Spatial localization data →
--- START ---
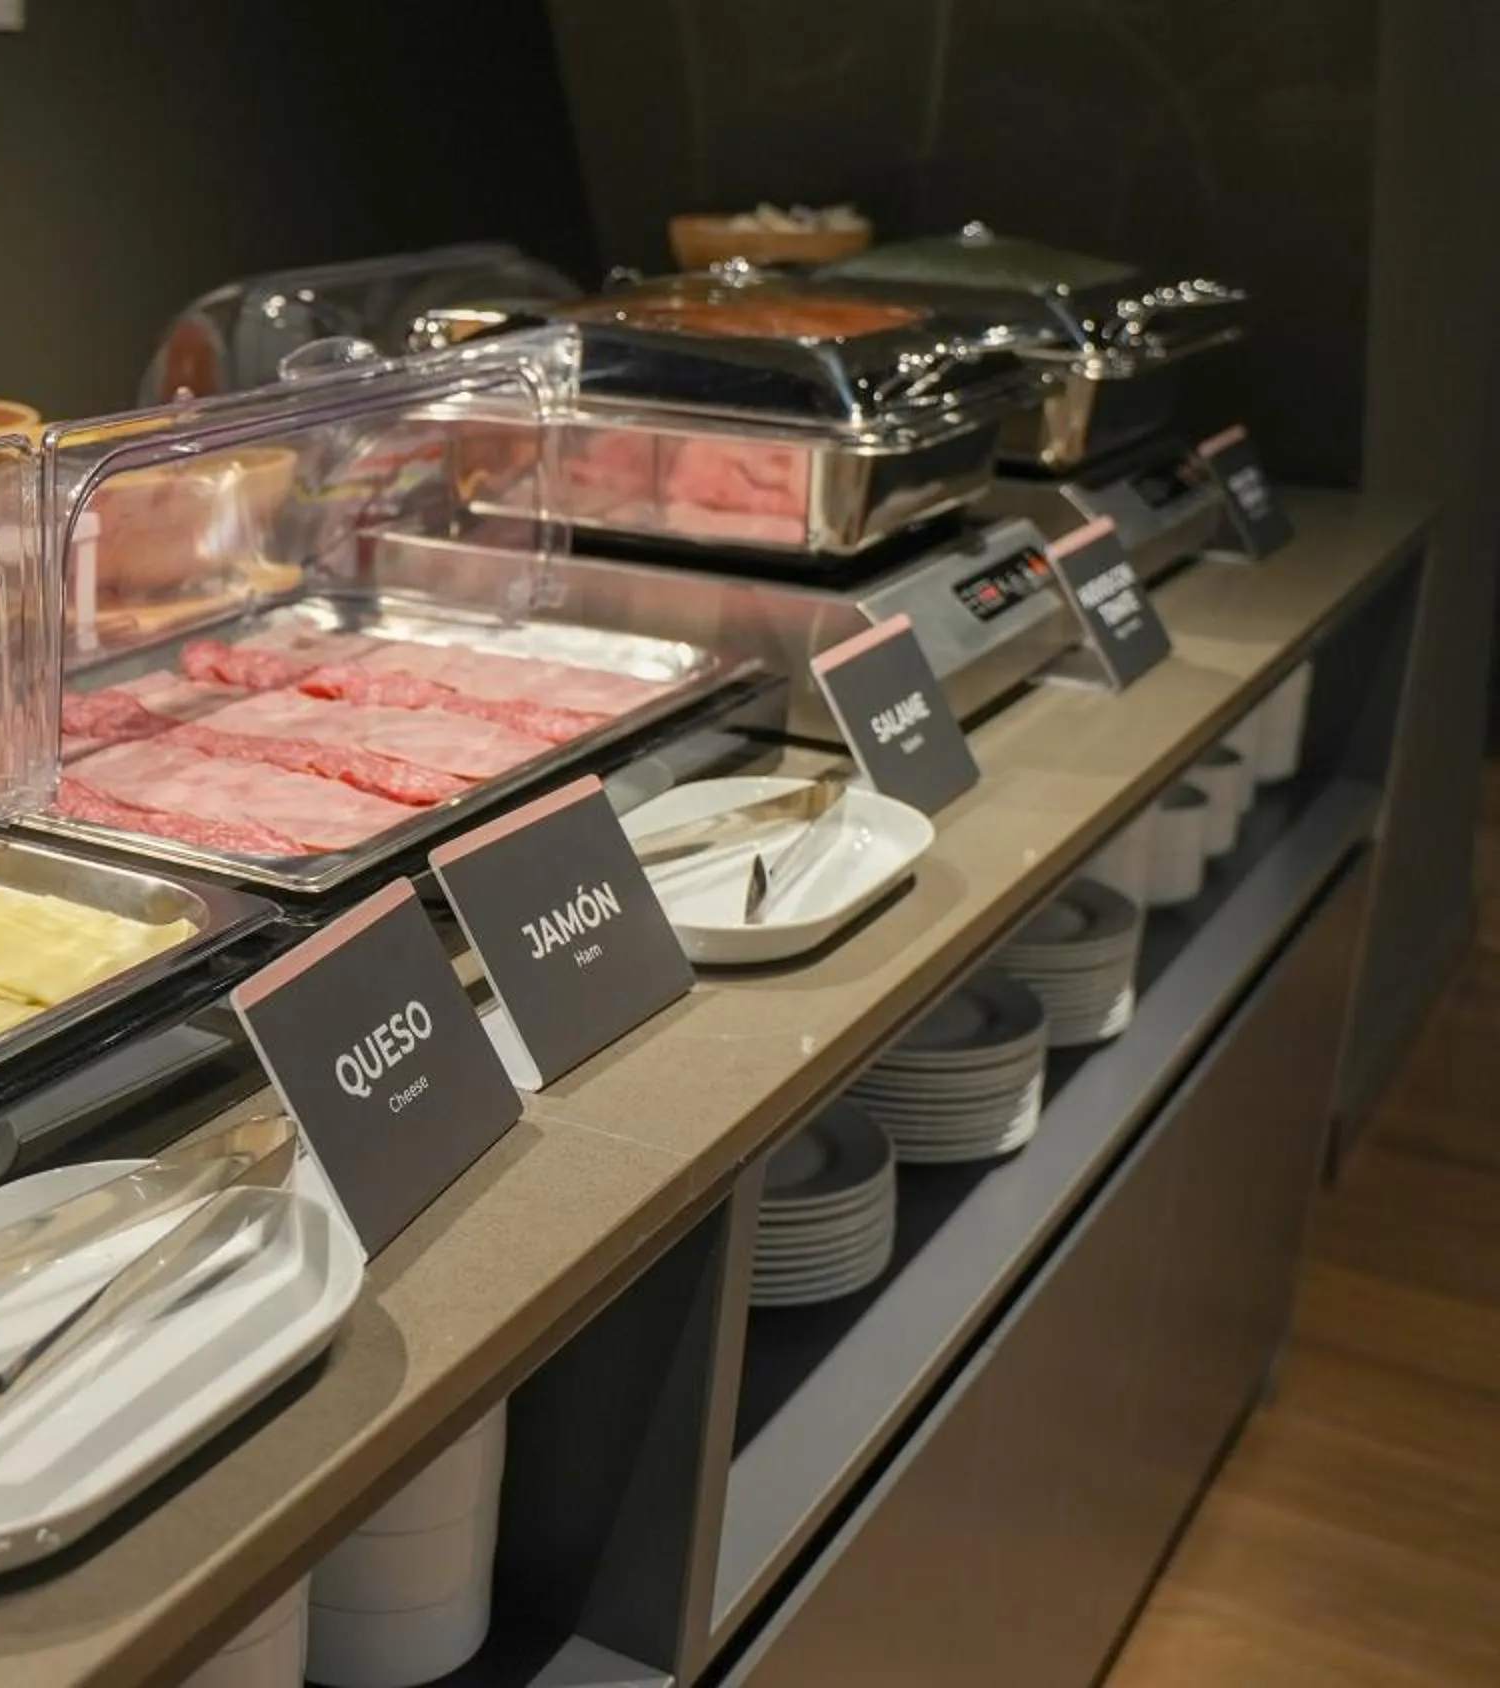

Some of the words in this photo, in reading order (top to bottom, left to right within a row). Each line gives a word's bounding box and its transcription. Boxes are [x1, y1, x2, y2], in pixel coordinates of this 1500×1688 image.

[521, 881, 621, 959] JAMÓN
[573, 944, 603, 968] Ham
[335, 1000, 432, 1098] QUESO
[389, 1075, 429, 1113] Cheese
--- END ---
GOAL OF THE EXERCISE →
Could you transcribe every entry above exactly, leaving out the images?

YOUR SOLUTION →
Some of the words in this photo, in reading order (top to bottom, left to right within a row). Each line gives a word's bounding box and its transcription. Boxes are [x1, y1, x2, y2], in pixel coordinates of this 1500×1688 image.

[521, 881, 621, 959] JAMÓN
[573, 944, 603, 968] Ham
[335, 1000, 432, 1098] QUESO
[389, 1075, 429, 1113] Cheese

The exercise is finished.